Exercise brief
The listing is to be reproduced exactly, excluding its pictures.
====== Data supplied ======
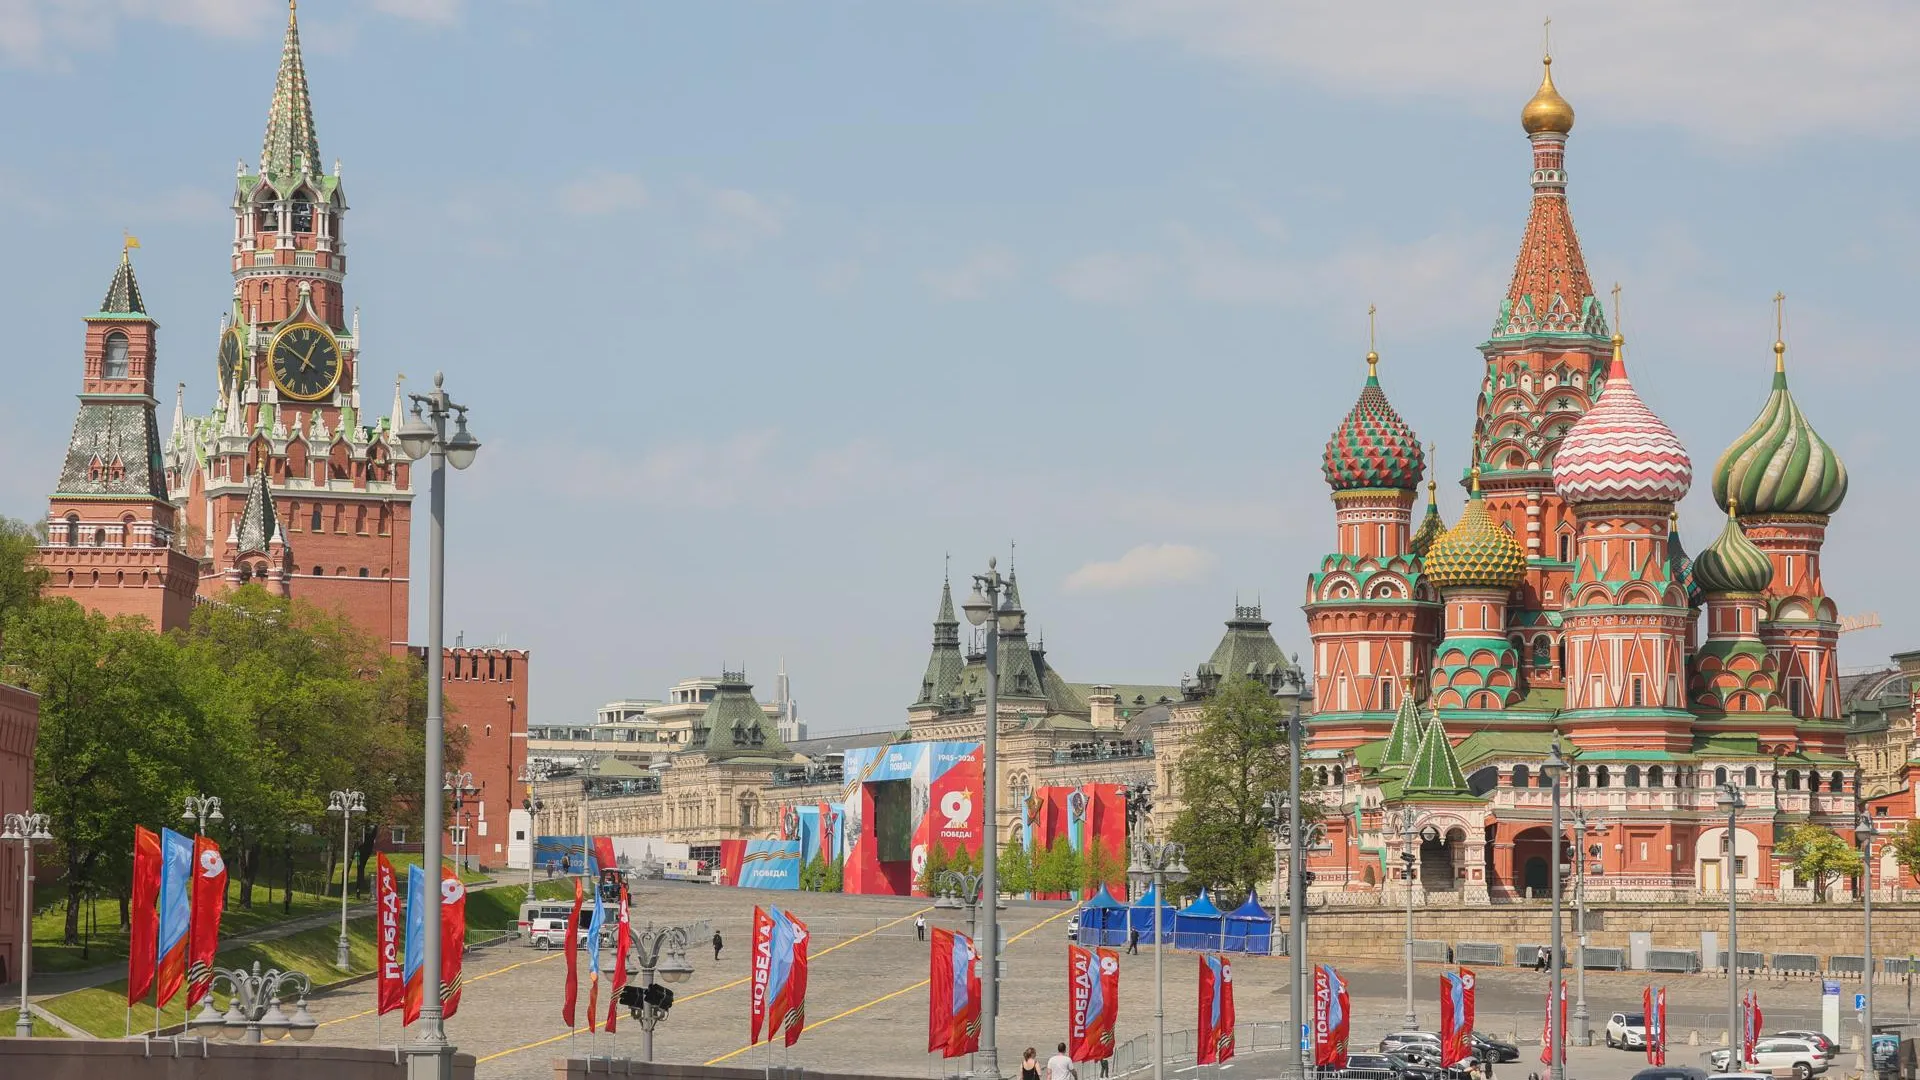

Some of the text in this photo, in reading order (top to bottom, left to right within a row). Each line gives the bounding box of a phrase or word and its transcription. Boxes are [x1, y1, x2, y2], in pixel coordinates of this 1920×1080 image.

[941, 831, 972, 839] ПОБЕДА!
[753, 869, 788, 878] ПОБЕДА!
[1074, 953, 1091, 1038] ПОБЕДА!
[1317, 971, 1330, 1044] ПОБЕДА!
======
Result of this exercise
Some of the text in this photo, in reading order (top to bottom, left to right within a row). Each line gives the bounding box of a phrase or word and its transcription. Boxes are [x1, y1, x2, y2], in pixel coordinates of this 1920×1080 image.

[941, 831, 972, 839] ПОБЕДА!
[753, 869, 788, 878] ПОБЕДА!
[1074, 953, 1091, 1038] ПОБЕДА!
[1317, 971, 1330, 1044] ПОБЕДА!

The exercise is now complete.